“This industry has really quite gone to sleep in the last two or three years. It has lost its place in the sun. We need to push to think differently.”
That was the message to MPs on September 6 from Robin Gisby, chief executive of the Department for Transport’s Operator of Last Resort Holdings Ltd (DOHL).
He also told MPs that TransPennine Express will remove 16 trains a day from the timetable from December, to “stabilise” the business.
Gisby and DOHL Chairman Richard George were summoned to appear before MPs on the House of Commons Transport Select Committee to give evidence on the public sector owning group, which is responsible for one in five passenger services.

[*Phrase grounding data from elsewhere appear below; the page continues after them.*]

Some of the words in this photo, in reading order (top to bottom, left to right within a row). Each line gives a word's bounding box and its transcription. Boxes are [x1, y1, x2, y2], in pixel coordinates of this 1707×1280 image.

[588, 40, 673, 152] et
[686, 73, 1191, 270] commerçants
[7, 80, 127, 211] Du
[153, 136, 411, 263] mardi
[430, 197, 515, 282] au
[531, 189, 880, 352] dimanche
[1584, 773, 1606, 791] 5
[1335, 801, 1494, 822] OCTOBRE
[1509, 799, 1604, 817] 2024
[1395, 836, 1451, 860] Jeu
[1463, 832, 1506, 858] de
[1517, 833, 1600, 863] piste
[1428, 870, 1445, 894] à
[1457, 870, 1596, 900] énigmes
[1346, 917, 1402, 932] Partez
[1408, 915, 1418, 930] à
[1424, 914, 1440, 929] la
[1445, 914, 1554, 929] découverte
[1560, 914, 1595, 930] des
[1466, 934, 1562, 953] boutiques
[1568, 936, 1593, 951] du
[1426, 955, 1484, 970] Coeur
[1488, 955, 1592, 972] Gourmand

The date marked 100 days since they took over the former FirstGroup company.
Gisby chairs four passenger train operating companies: Northern, TransPennine Express, LNER and Southeastern.
“First and foremost, our task is stabilising,” he told MPs.
“On the side of the train, it says ‘Get Across the Pennines Quickly’. And that’s what we want to do. Running the trains on time. With a low-interval service, cancellations are the most dreadful thing you can do to people.
“You’re stepping into operators with staff who are pretty battered and bruised. If you had been on the front line at Northern two or three years ago, it was not a pleasant place to be. We are telling the staff that we are here to support them - we will invest in them and develop them. If the staff aren’t thinking the right way, things are not going to change.”
MPs wanted to understand how decisions made by publicly owned train operators differed from private companies.